From top to bottom, retype the data exactly, passing over any picture.
Raw data below:
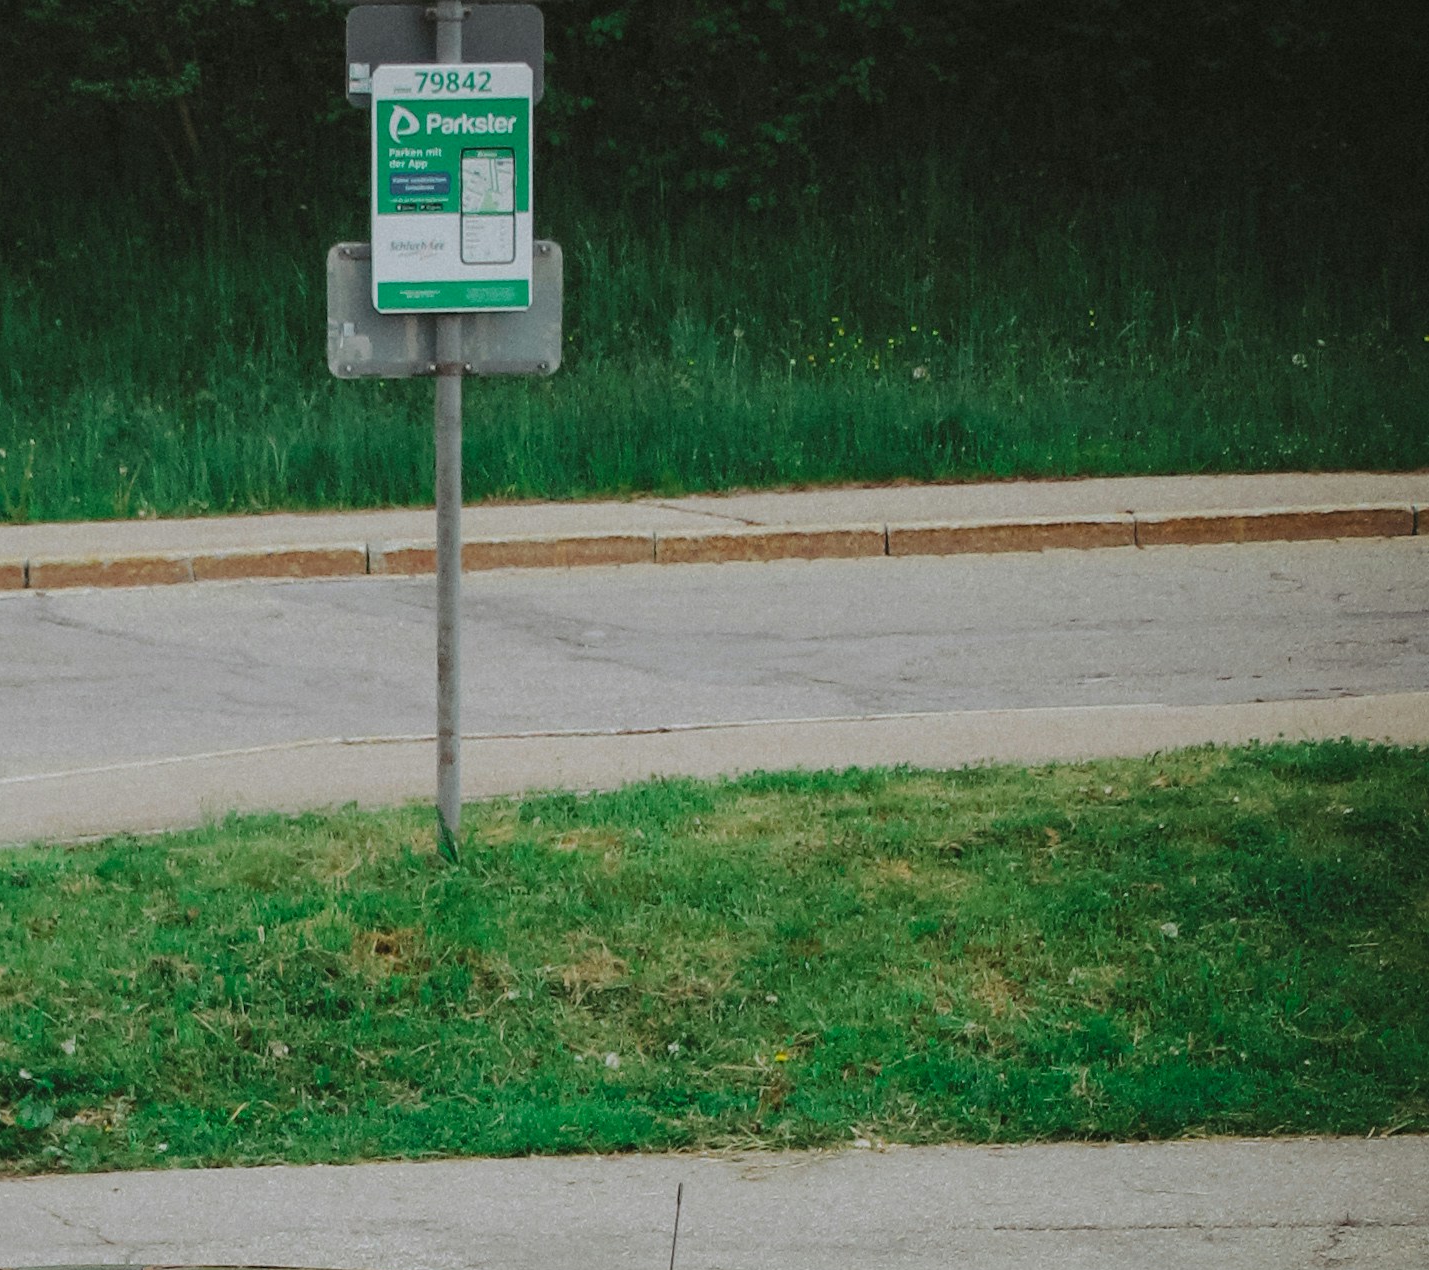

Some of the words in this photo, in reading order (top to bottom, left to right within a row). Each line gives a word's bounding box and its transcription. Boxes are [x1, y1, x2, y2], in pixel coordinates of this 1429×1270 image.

[414, 70, 492, 94] 79842
[426, 111, 517, 135] Parkster
[388, 147, 423, 158] Parken
[425, 147, 442, 158] mit
[388, 159, 406, 169] der
[408, 159, 428, 170] App
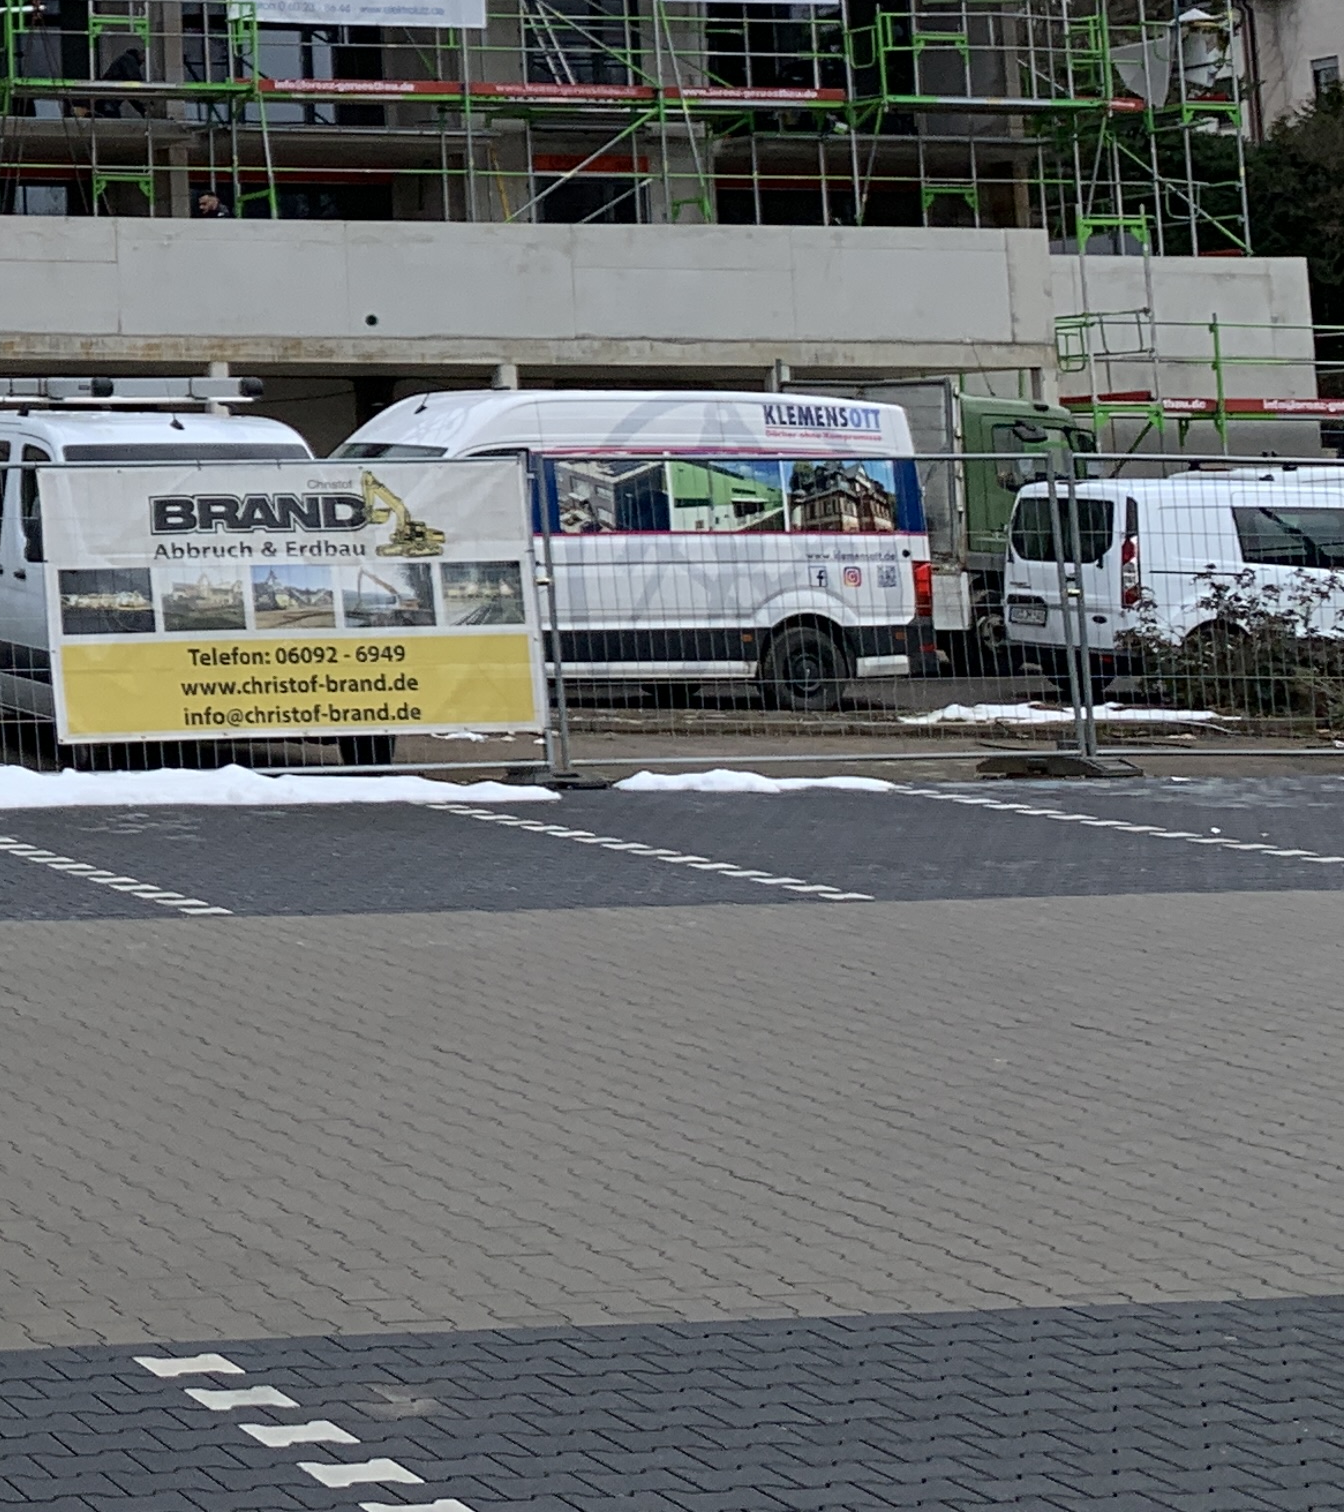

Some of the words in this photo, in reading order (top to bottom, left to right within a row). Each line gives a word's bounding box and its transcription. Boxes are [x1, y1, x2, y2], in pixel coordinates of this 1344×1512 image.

[763, 404, 880, 429] KLEMENSOTT
[306, 478, 354, 491] Christof
[149, 491, 368, 536] BRAND
[153, 541, 253, 560] Abbruch
[259, 541, 278, 558] &
[285, 538, 366, 559] Erdbau
[188, 647, 271, 667] Telefon:
[274, 646, 339, 665] 06092
[355, 644, 406, 664] 6949
[181, 672, 419, 697] www.christof-brand.de
[183, 702, 422, 728] info@christof-brand.de
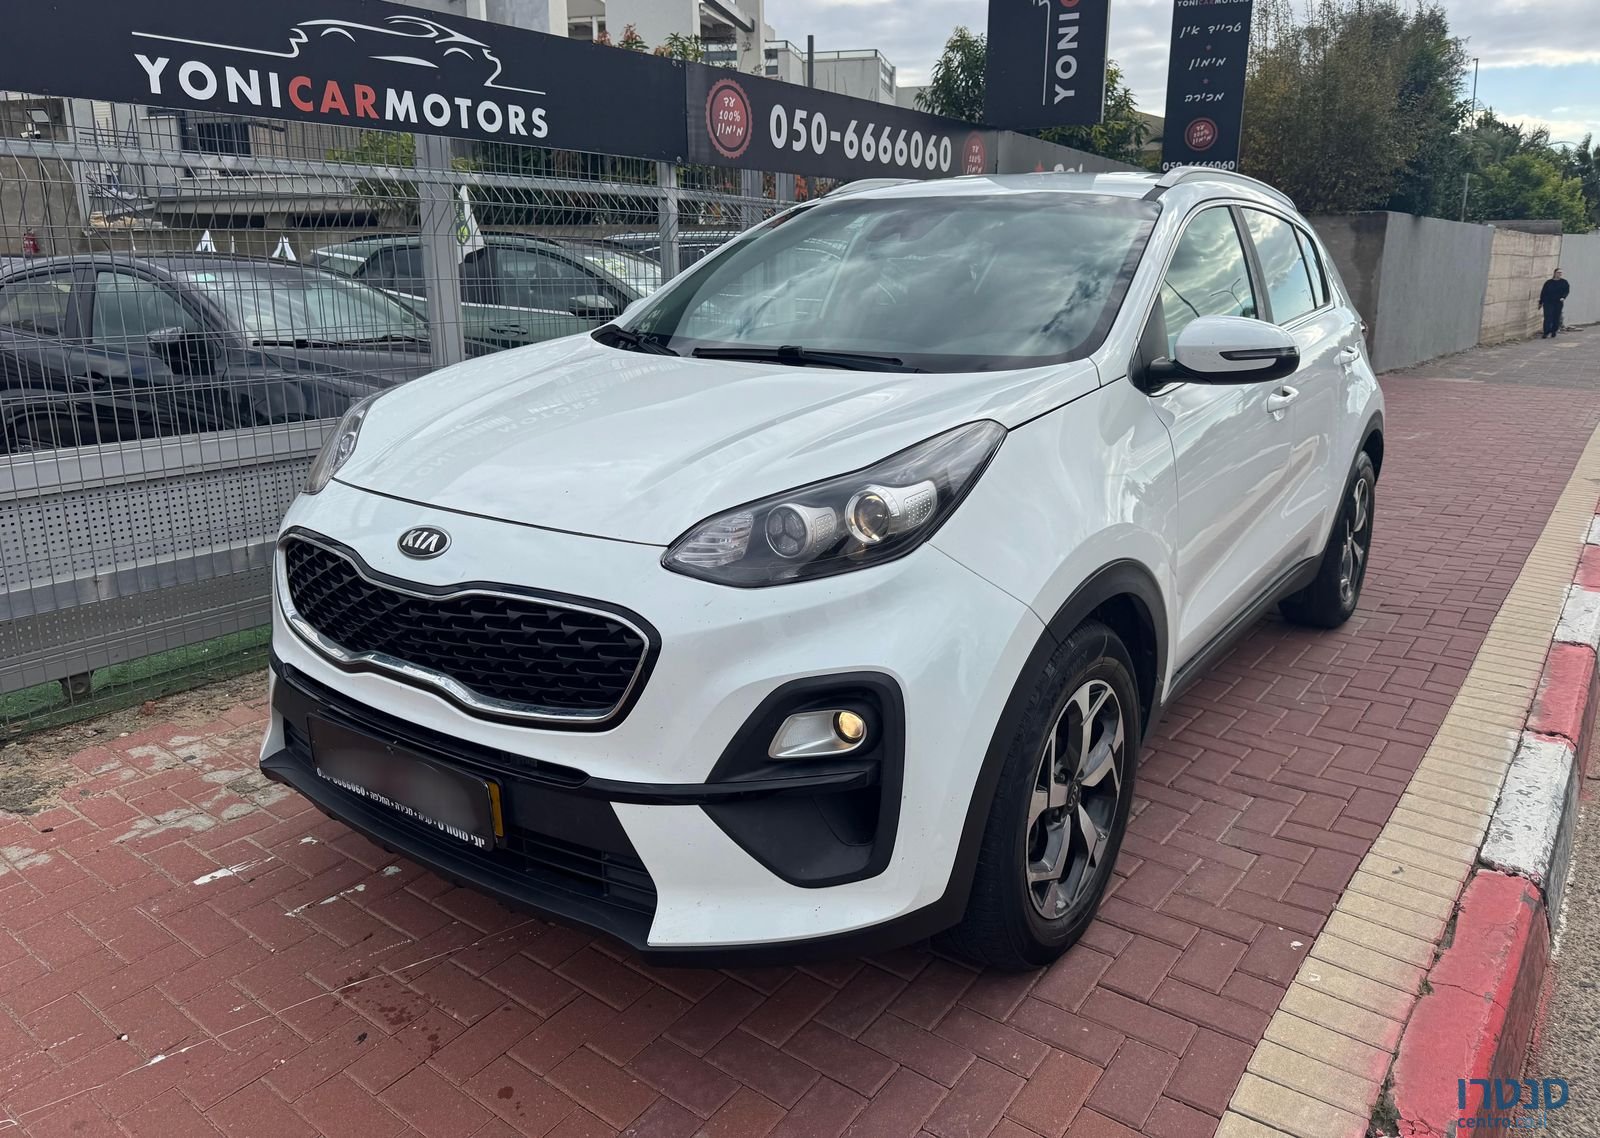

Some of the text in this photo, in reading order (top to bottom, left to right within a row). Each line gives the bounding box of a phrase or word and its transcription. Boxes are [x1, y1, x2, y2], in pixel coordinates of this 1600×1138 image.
End of Raw data.
Task response:
Some of the words in this photo, in reading order (top to bottom, left to right within a row). Each line gives a word's bounding box and its transcription. Boxes are [x1, y1, x2, y2], in pixel coordinates of this 1429×1270 image.

[414, 70, 492, 94] 79842
[426, 111, 517, 135] Parkster
[388, 147, 423, 158] Parken
[425, 147, 442, 158] mit
[388, 159, 406, 169] der
[408, 159, 428, 170] App

Some of the words in this photo, in reading order (top to bottom, left to right within a row). Each line gives a word's bounding box and its transcription. Boxes are [x1, y1, x2, y2], in pixel coordinates of this 1344×1512 image.

[763, 404, 880, 429] KLEMENSOTT
[306, 478, 354, 491] Christof
[149, 491, 368, 536] BRAND
[153, 541, 253, 560] Abbruch
[259, 541, 278, 558] &
[285, 538, 366, 559] Erdbau
[188, 647, 271, 667] Telefon:
[274, 646, 339, 665] 06092
[355, 644, 406, 664] 6949
[181, 672, 419, 697] www.christof-brand.de
[183, 702, 422, 728] info@christof-brand.de

Some of the text in this photo, in reading order (top to bottom, left to right within a row). Each line gives the bounding box of a phrase or word and its transcription. Boxes are [x1, y1, x2, y2], in pixel coordinates of this 1600×1138 image.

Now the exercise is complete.